▶ Task prompt: Only the pictures are dropped. Restate each line below word for word.
· · · ·
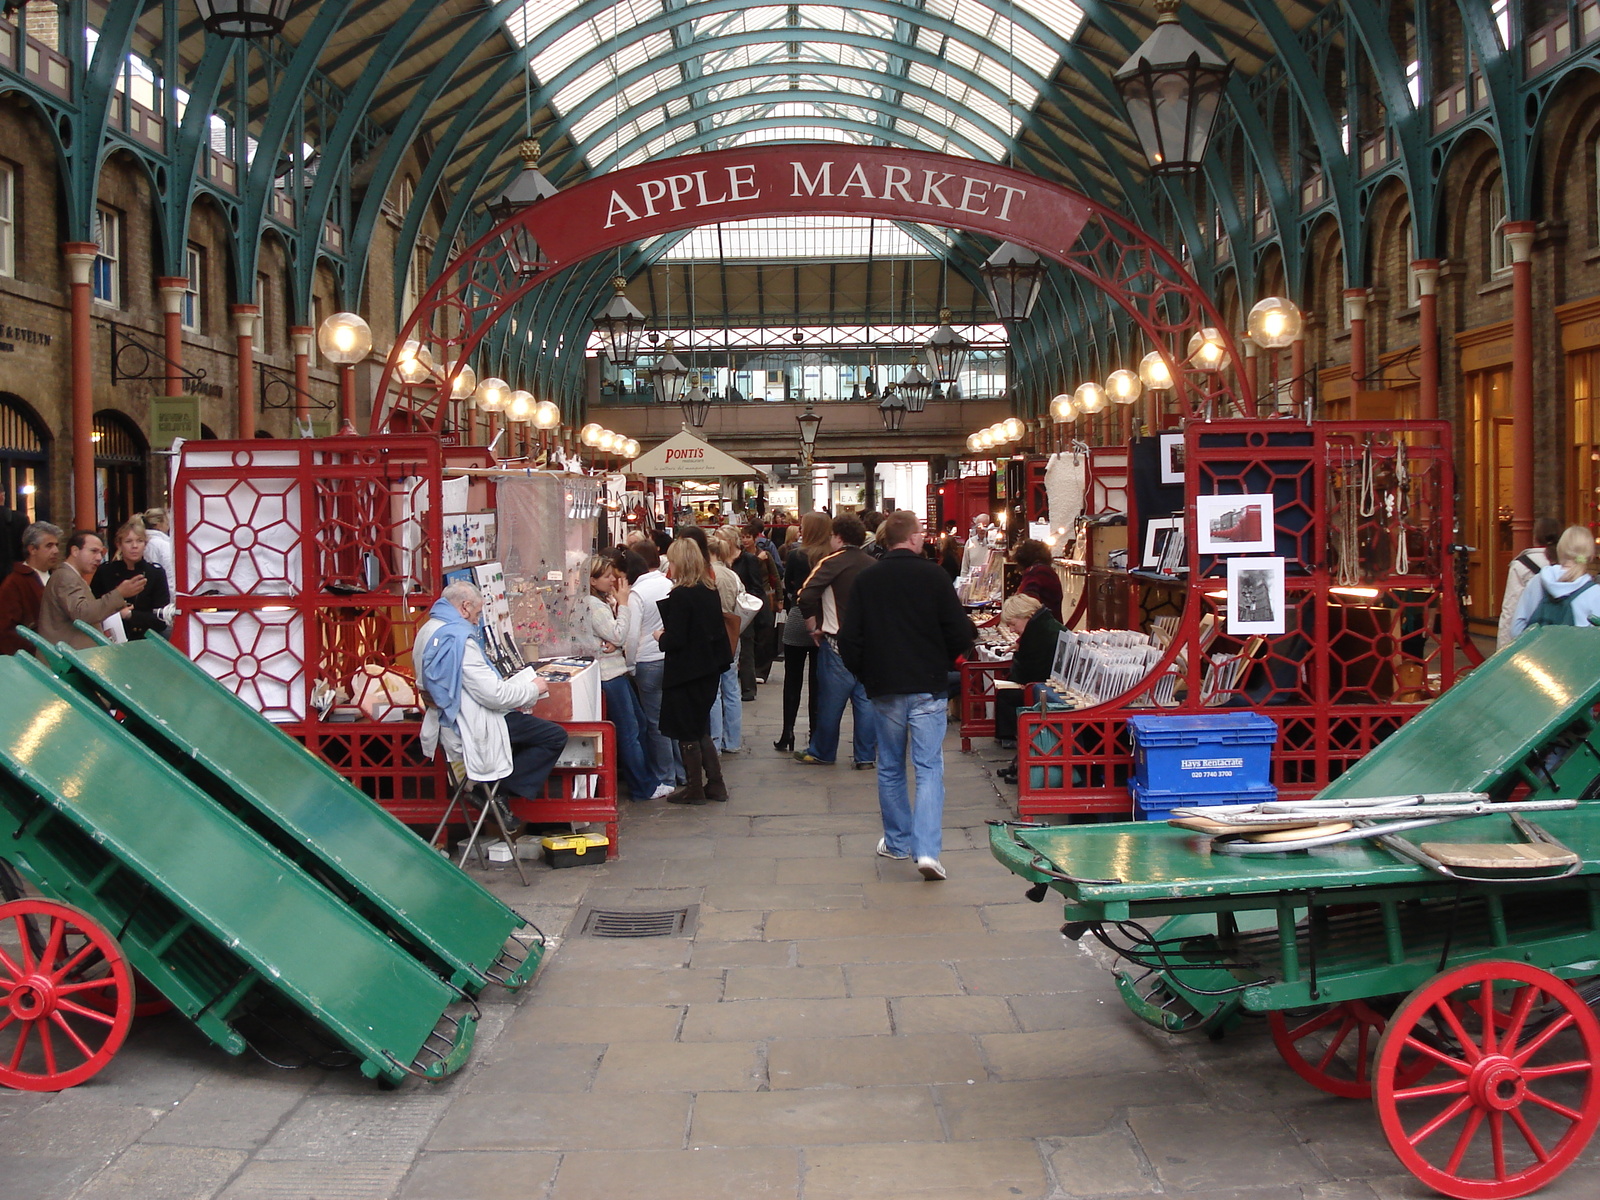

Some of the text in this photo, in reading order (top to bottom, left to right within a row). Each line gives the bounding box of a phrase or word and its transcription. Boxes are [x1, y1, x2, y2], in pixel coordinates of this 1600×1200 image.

[603, 161, 1027, 229] APPLE MARKET
[15, 327, 51, 347] EVELYN
[665, 447, 704, 463] PONTI'S
[1181, 758, 1243, 769] Hays Rentacrate
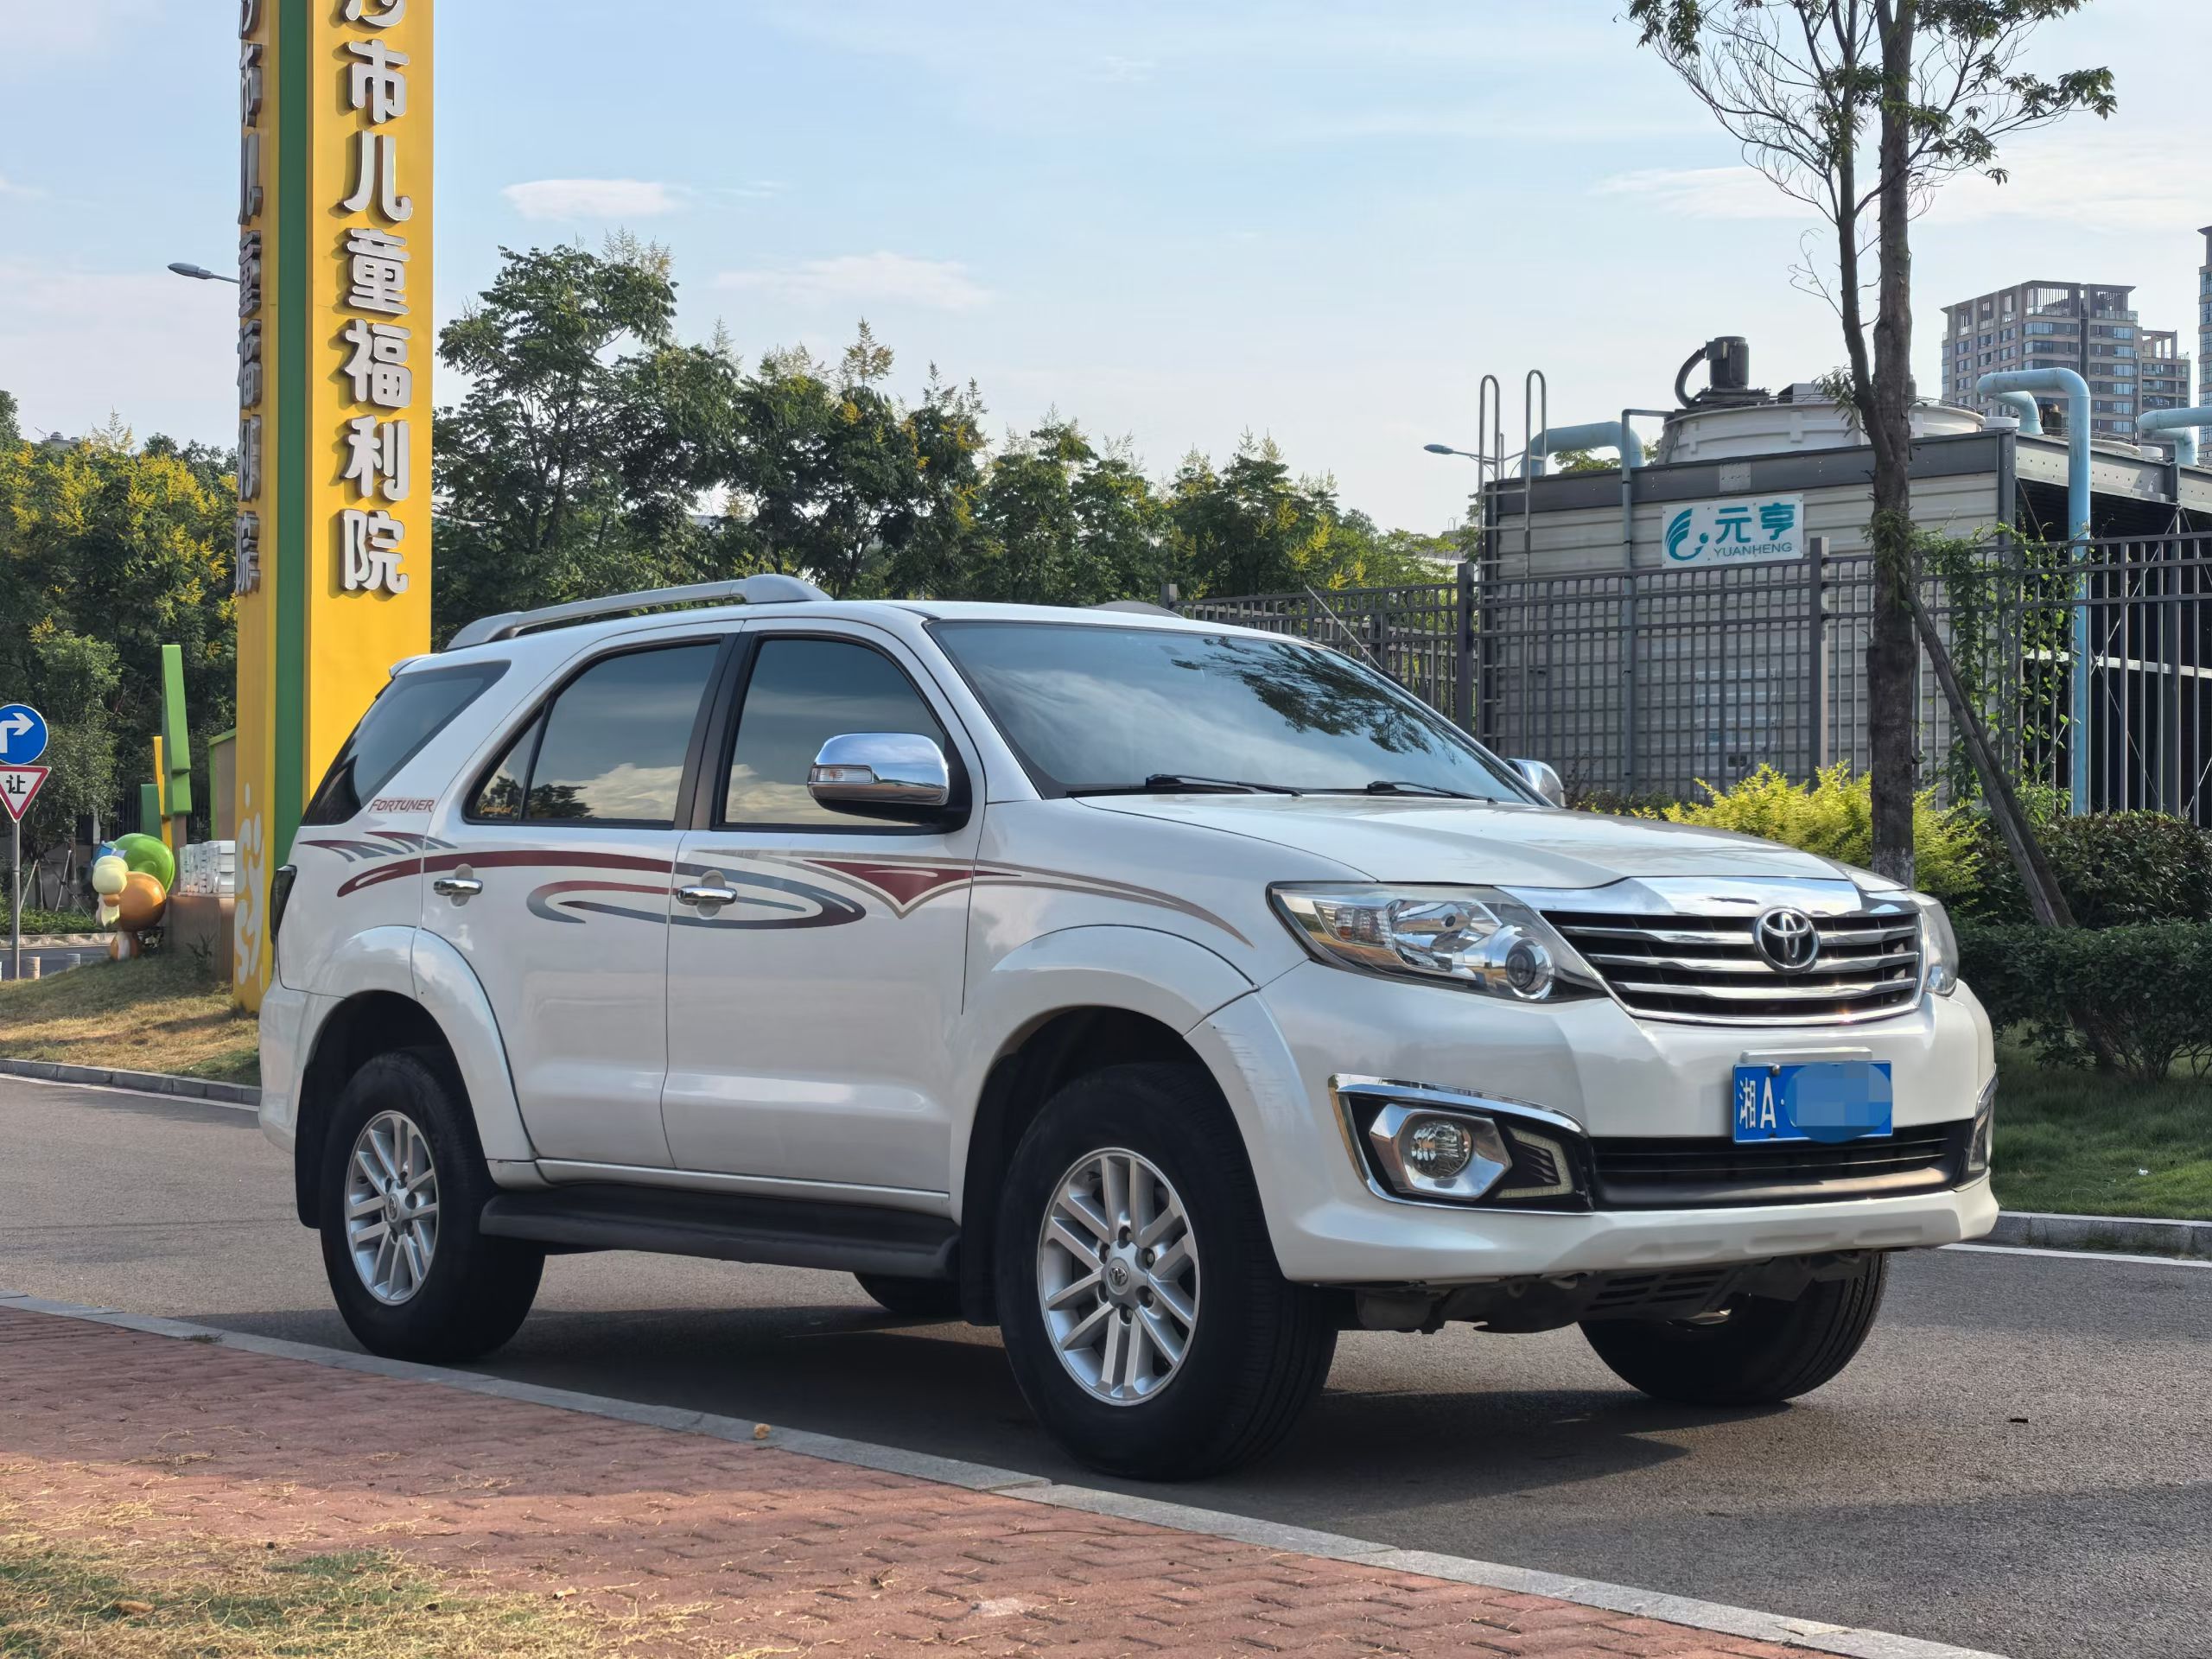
· · · ·
▶ Expected output:
Some of the text in this photo, in reading order (top to bottom, left to right within a row). Each line gives the bounding box of a phrase or word and its transcription. Boxes are [x1, y1, x2, y2], in pixel coordinates of this 1600×1200 image.

[603, 161, 1027, 229] APPLE MARKET
[15, 327, 51, 347] EVELYN
[665, 447, 704, 463] PONTI'S
[1181, 758, 1243, 769] Hays Rentacrate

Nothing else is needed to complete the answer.